Stanford junior running back Christian McCaffrey, who is declaring early for the NFL Draft, decided to skip the Cardinal’s bowl game and prepare for his pro career. That’s not something Wiggin liked. “I am offended by what he did to Stanford but I do think he’s going to be a great player (in the pros).”
The men’s basketball Gophers, 15-2 overall and 3-1 in the Big Ten, have their first top 25 national ranking since February of 2013. In this week’s A.P. and USA Today Coaches polls Minnesota is No. 24, joining Purdue and Wisconsin as the only Big Ten teams in the rankings.
“Rankings mean absolutely1,000 percent nothing to me,” Minnesota coach Richard Pitino said after his team defeated Ohio State on Sunday. “RPI means something to me. Strength of schedule means something to me. …Rankings are for the fans.”
The Gophers have the fifth best RPI in the country and rank seventh in strength of schedule, according to espn.com. Minnesota is tops in the Big Ten in RPI and second in strength of schedule to Nebraska.

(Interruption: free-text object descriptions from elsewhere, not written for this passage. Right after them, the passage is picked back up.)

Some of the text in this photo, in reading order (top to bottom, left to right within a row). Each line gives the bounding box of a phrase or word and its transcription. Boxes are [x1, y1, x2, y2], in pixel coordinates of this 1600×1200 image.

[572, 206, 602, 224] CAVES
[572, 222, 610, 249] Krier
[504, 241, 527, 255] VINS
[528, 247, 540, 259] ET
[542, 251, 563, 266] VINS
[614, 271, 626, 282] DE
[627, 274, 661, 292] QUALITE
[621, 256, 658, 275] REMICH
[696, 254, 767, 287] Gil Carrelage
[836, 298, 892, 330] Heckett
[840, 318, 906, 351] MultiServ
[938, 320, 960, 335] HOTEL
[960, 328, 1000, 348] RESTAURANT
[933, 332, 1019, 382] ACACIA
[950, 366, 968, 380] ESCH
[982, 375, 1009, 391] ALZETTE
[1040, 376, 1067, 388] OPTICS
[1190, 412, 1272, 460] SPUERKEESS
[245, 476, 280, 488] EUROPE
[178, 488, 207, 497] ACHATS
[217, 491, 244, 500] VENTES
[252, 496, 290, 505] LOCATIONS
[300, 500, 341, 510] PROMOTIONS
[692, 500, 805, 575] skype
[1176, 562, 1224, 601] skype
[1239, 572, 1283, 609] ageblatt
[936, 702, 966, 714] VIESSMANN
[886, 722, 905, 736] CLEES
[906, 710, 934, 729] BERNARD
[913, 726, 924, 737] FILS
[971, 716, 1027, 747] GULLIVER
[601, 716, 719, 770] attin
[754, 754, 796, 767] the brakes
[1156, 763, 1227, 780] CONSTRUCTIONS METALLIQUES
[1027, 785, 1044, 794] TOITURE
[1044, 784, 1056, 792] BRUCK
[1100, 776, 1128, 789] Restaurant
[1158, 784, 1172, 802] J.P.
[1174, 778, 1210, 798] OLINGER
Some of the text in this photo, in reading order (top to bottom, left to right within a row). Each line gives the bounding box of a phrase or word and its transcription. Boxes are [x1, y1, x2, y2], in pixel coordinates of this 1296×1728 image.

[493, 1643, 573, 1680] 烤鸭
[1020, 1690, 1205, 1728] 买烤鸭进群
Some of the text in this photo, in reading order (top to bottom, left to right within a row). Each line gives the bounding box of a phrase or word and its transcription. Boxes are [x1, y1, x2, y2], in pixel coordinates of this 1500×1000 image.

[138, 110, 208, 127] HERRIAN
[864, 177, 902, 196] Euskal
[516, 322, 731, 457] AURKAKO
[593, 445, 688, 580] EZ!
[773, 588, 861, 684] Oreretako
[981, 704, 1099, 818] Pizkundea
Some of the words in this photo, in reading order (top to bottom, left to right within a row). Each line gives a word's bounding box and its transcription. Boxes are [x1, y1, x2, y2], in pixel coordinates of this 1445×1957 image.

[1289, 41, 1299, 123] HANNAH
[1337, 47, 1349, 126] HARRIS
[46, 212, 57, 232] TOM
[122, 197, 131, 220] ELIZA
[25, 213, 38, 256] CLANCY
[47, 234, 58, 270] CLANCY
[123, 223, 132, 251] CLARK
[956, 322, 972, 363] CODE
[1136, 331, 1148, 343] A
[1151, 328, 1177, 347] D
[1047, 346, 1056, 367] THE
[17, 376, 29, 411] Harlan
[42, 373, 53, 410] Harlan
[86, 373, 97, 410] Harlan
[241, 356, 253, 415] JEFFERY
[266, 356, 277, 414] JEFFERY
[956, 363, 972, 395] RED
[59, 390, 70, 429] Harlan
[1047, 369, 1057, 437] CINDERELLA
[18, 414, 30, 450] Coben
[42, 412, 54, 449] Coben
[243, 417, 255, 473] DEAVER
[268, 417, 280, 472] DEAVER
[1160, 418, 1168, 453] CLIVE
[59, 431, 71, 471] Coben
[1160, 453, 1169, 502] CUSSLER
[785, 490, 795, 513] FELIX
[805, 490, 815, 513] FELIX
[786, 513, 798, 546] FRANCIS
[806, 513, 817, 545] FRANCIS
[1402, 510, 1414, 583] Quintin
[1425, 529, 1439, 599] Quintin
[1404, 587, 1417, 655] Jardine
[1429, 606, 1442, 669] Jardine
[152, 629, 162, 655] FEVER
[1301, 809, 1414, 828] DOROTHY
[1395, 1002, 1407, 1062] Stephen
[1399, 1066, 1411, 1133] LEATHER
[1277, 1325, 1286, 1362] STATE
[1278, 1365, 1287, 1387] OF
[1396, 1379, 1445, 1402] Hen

Ohio State coach Thad Matta talking about the Gophers: “They’re a very, very good basketball team. No question.”
With fall semester over, word is the Gophers are solidly academically and all players will be eligible this winter.
Minnesota freshman forward Amir Coffey is averaging 12.8 points per game, second best on the team. He was named Monday as Big Ten Freshman of the Week after leading the team in scoring in wins over Northwestern and Ohio State.
His sister, Nia Coffey, was supposed to lead the 13-4 and 2-2 Northwestern team against the Gophers (10-7 and 1-3) tomorrow night at Williams Arena but the game has been postponed following the unexpected death of the Wildcats’ Jordan Hankins. Nia leads the Wildcats in scoring at 20.8 points per game and is third among Big Ten players. The 6-1, senior forward from Hopkins High School also leads the Wildcats and the league in rebounding at 11.2 and her blocked shots average of 1.9 is tied for second best in the Big Ten.
Coach John Anderson said last week that ticket prices will be announced soon for the Gophers debut baseball games in U.S. Bank Stadium February 17-19 against UC Irvine. Seating will be general admission only.
Anderson’s nine player recruiting class announced last month will enroll in school this summer. Some college baseball programs enroll players in January but Big Ten teams don’t.